Thomas Sully (American, b. England, 1783-1872)
Sally Etting, 1808
- Oil on canvas
- 30 x 25 in. (76.2 x 63.5 cm)
- The Jewish Museum, New York
- Gift of William Wollman Foundation, F 4610
Thomas Sully began this portrait on May 16, 1808, and completed it nine days later. The depiction of Miss Etting shows a freshness and a softness of light and line that are typical of Sully’s portraiture. It is a sensitive portrait of the young woman—sympathetic without idealizing her likeness.
During this period, portraits held a special significance in the homes of many American Jews.
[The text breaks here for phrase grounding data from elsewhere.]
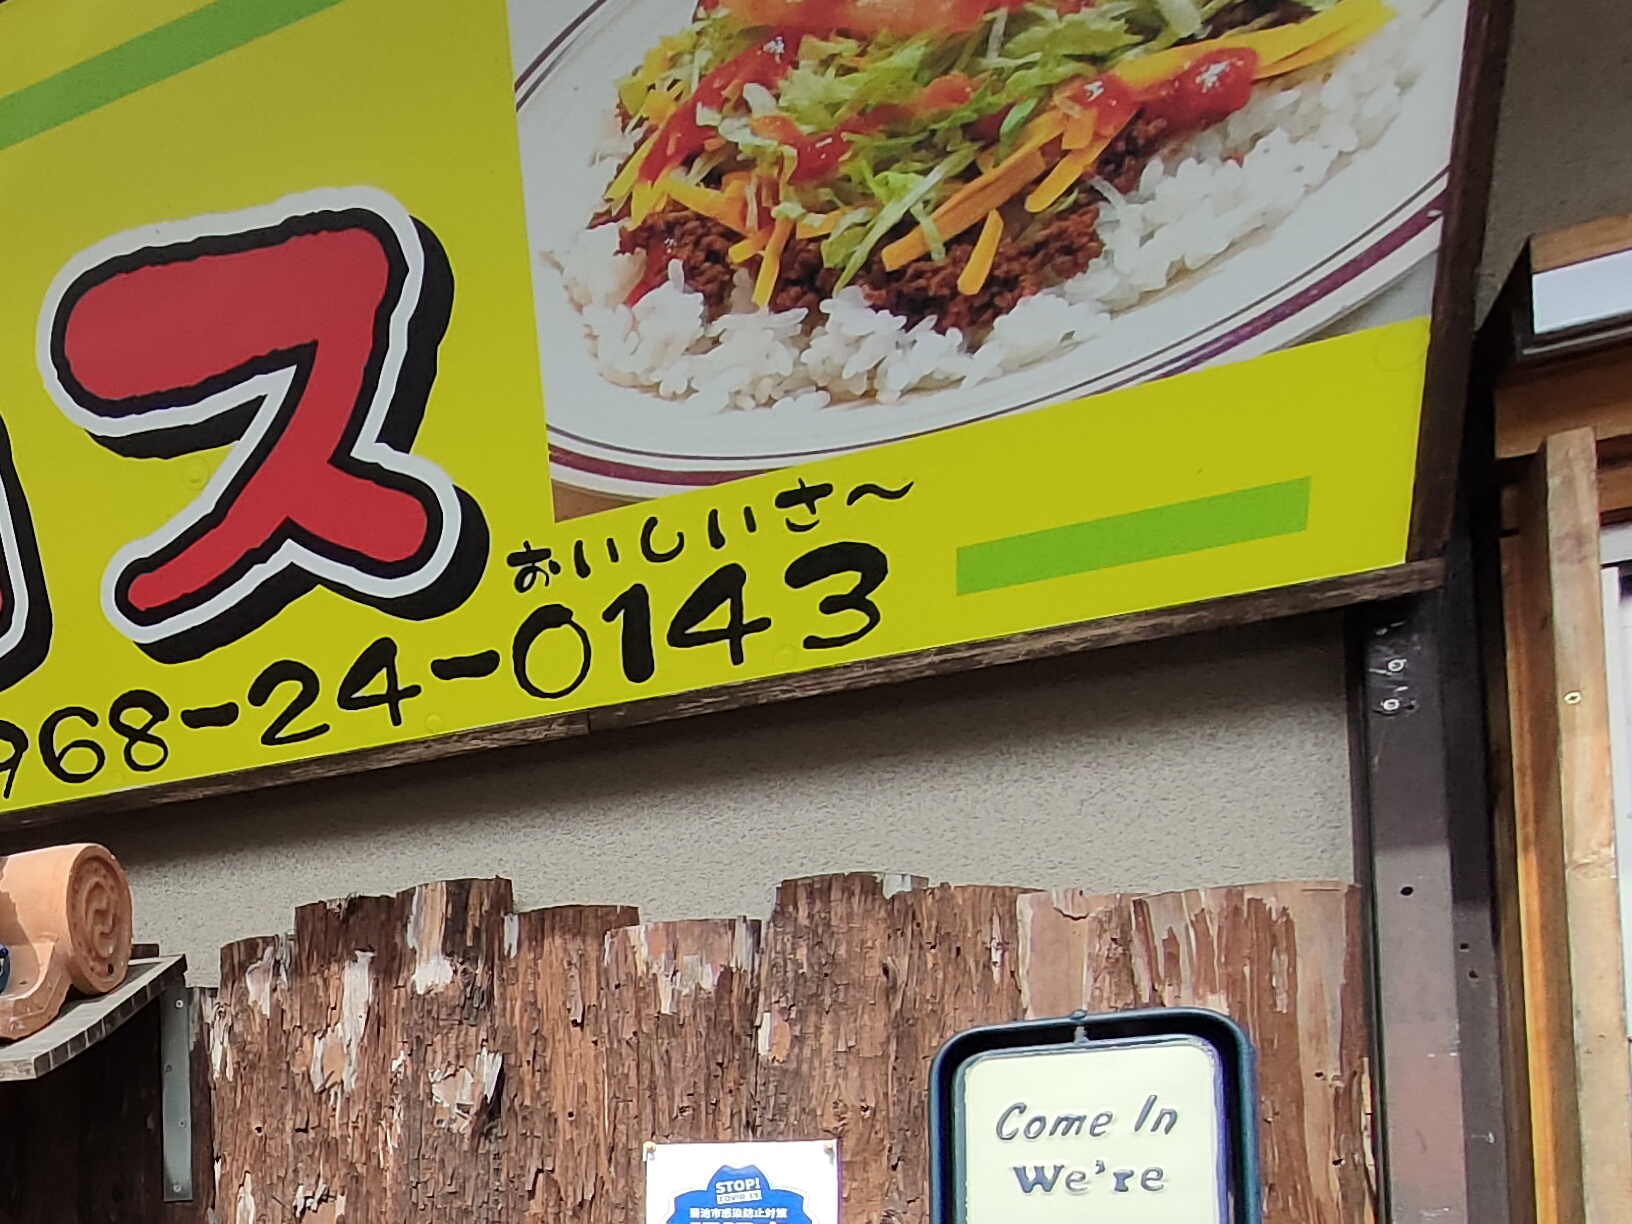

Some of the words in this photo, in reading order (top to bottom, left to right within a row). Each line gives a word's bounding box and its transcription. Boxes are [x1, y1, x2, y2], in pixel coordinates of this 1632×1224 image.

[996, 1102, 1113, 1140] Come
[1134, 1094, 1178, 1135] In
[715, 1177, 761, 1194] STOP!
[1012, 1159, 1165, 1194] We're
[718, 1192, 760, 1202] COVID-19
These likenesses served their traditional purpose in asserting the subject’s status and ensuring some measure of immortality. They also acted as daily reminders of family members distanced by geography. Most important, these portraits affirmed their sitters’ identities as Americans in the open, democratic society of which they were a part. For those Jews who could afford them, commissioned portraits reflected a sense of belonging.
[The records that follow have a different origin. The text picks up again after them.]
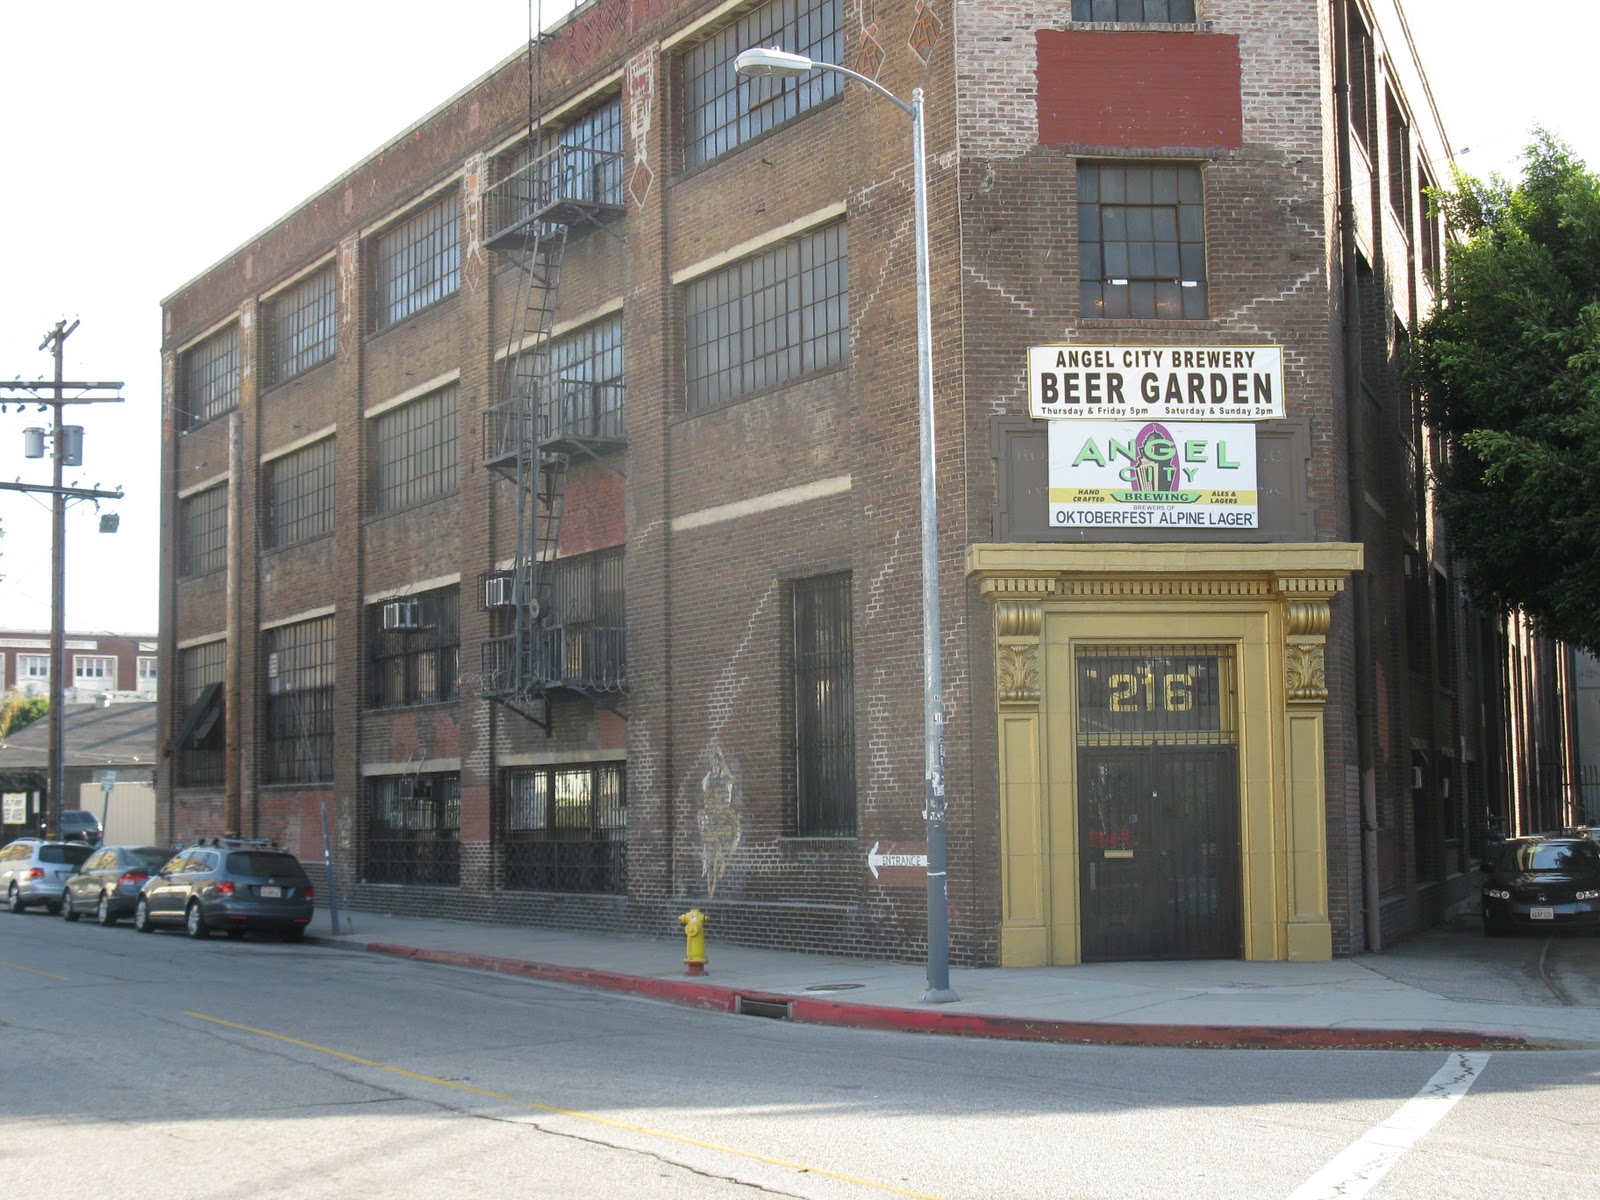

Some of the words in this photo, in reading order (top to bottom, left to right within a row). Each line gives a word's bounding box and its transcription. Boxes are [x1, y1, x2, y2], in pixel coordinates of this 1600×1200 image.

[1056, 350, 1115, 368] ANGEL
[1122, 350, 1163, 368] CITY
[1172, 350, 1255, 368] BREWERY
[1041, 372, 1126, 404] BEER
[1141, 372, 1272, 404] GARDEN
[1041, 407, 1084, 416] Thursday
[1097, 407, 1126, 416] Friday
[1130, 407, 1149, 416] 5pm
[1165, 407, 1206, 416] Saturday
[1219, 407, 1252, 416] Sunday
[1255, 407, 1274, 416] 2pm
[1071, 436, 1240, 469] ANGEL
[1118, 466, 1200, 482] CITY
[1124, 493, 1189, 501] BREWING
[1056, 511, 1154, 524] OKTOBERFEST
[1159, 511, 1205, 525] ALPINE
[1209, 512, 1253, 526] LAGER
[1109, 673, 1193, 712] 216
[882, 855, 921, 866] ENTRANCE
Notice that there is nothing in this portrait that identifies Sally Etting as distinctively Jewish. There is no Hebrew writing, no ceremonial object like a Hanukkah lamp or Sabbath light. American Jews frequently had such objects on display in their homes but rarely were they included in the portraits they commissioned. By commissioning a portrait from a prestigious artist, executed in the style of the day and including no identifiably "Jewish" elements, Etting presented herself as she wanted to be seen—as an upper-class American woman.